David Odonkor (l.) und Oliver Kahn trafen bei der WM 2006 aufeinander
David Odonkor (l.) und Oliver Kahn trafen bei der WM 2006 aufeinander © Imago

David Odonkor spielte sich mit seinem Assist zum Sieg über Polen bei der WM 2006 ins Gedächtnis. Der Flügelflitzer stand sogar vor einem Wechsel nach München.

David Odonkor wird für immer mit dem Sommermärchen 2006 in Verbindung gebracht. Jürgen Klinsmann nominierte den damals 22-Jährigen überraschend für die Heim-WM und sollte dafür belohnt werden. Odonkor lieferte die Vorlage beim 1:0-Sieg über Polen und blieb damit in Erinnerung.

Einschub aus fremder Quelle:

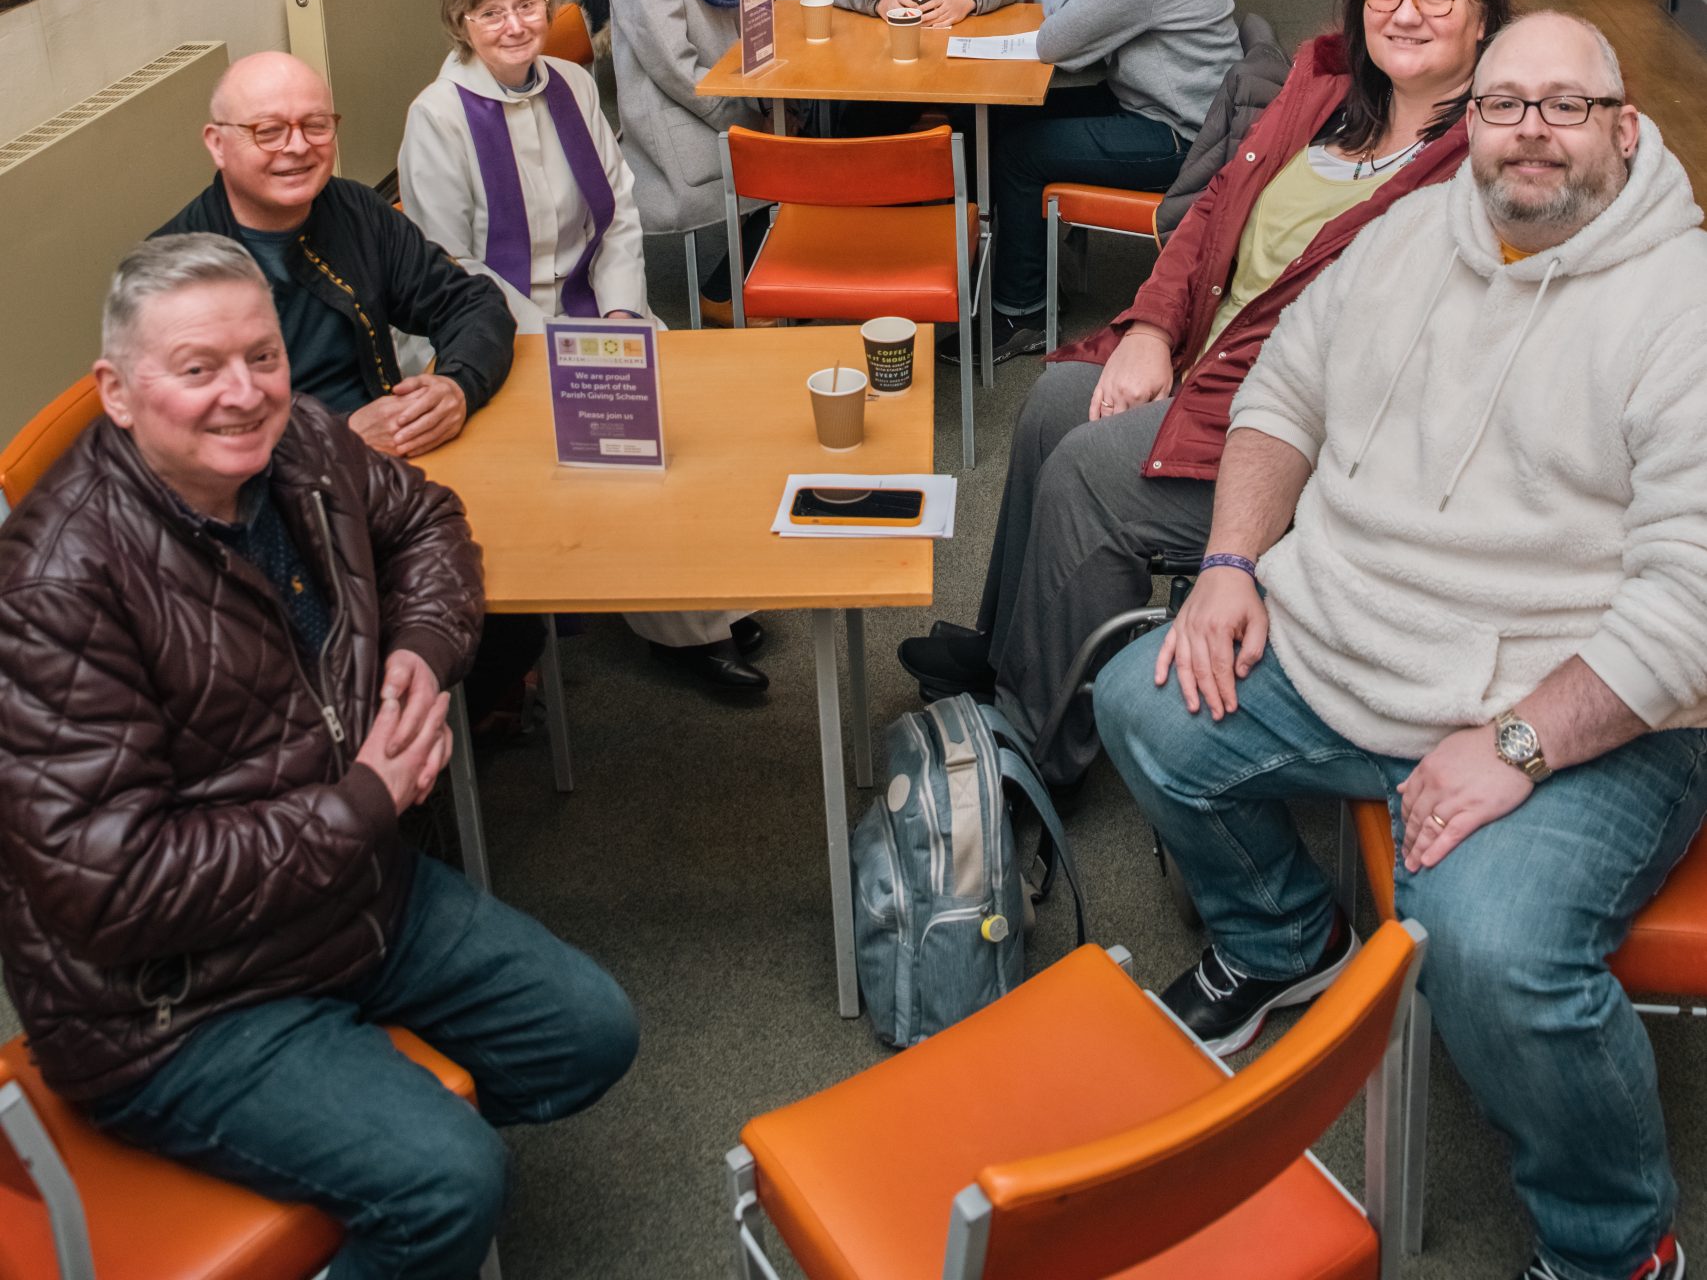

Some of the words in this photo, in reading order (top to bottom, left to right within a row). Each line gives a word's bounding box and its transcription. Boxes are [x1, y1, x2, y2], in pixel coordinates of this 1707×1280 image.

Der Flügelflitzer spielte sich so auch auf das Radar des FC Bayern München. Wie Odonkor verriet, wäre er nach der Weltmeisterschaft fast beim Rekordmeister gelandet. "Uli (Hoeneß) wollte mich, (Felix) Magath aber nicht", sagte der 34-Jährige der Fussball Bild.

Dort wäre Odonkor erneut auf Oliver Kahn getroffen. Vor dem ersten Treffen beim DFB-Team war der Debütant nach eigener Aussage sehr nervös. "Ich hatte Angst vor Oliver Kahn. Dann kam ich in die Kabine und der hat Witze erzählt. Da dachte ich nur, wie geil ist der denn bitte?", erinnert sich Odonkor.

Karriereende mit nur 29 Jahren

Stattdessen zog es den damaligen BVB-Profi zu Betis Sevilla. In Spanien wurde Odonkor jedoch von Verletzungen geplagt und musste nach einer Infektion seine Karriere mit nur 29 Jahren beenden. Trotzdem blickt er mit Freude auf seine Zeit in Andalusien zurück.

"Das war mein bester Vertrag. Ich habe in Spanien gegen Ronaldinho und (David) Beckham gespielt. Das war schon geil", resümiert Odonkor.

Inzwischen ist der 34-Jährige als Trainer bei der Spielvereinigung Bad Pyrmont in der Landesliga Hannover aktiv.